In the spring of 2010 we undertook a walk to Santiago de Compostela in northwestern Spain, a pilgrimage site since the Middle Ages. It’s the traditional burial site of Santiago, or St. James, one of Christ’s apostles who somehow made it from Jerusalem to northern Spain around ad 40 to preach the newly proclaimed Gospel. There are routes across Europe, from as far afield as Poland and Russia. Most paths pass through Roncesvalles in the French Pyrenees and then across the Basque regions of northern Spain. We opt for the route from Portugal to the immediate south, beginning in Porto and going through the Portuguese province of Minho and the Spanish of Galicia.
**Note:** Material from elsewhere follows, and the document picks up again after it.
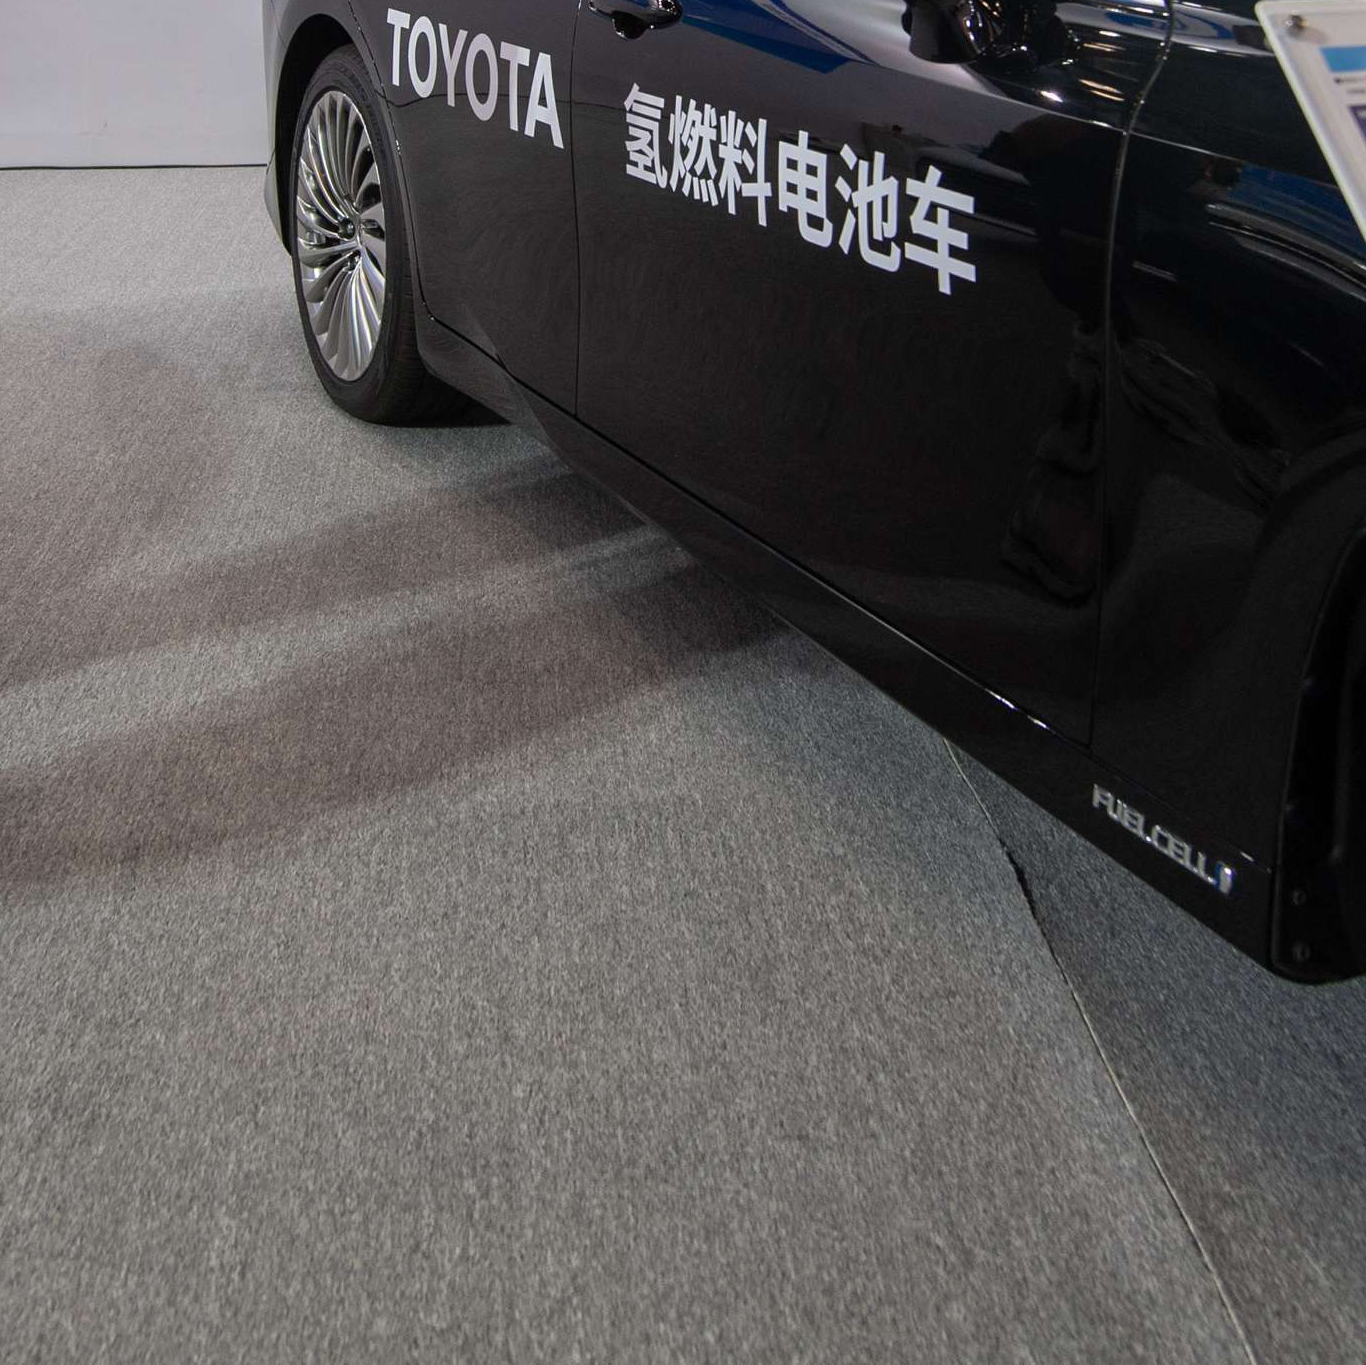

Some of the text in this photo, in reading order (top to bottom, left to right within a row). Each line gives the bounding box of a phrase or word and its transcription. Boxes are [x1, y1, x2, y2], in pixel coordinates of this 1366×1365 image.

[387, 8, 564, 149] TOYOTA
[623, 82, 977, 296] 氢燃料电池车
Ours is, in a sense, a walk in the woods, but also on the beach, through the field, and over the hill, perhaps less goal-oriented than the word pilgrimage would suggest. It’s as much about being able to do it, more insistently about the process than the end (perhaps a convenience of history). It’s a chance to see and hear things for the first time. When you’re backpacking, everything is fleeting: images and sounds are neither readily nor insistently repeated, as they are in our daily lives. Overwhelmed by sense data, we struggle to isolate and to remember the soundscape.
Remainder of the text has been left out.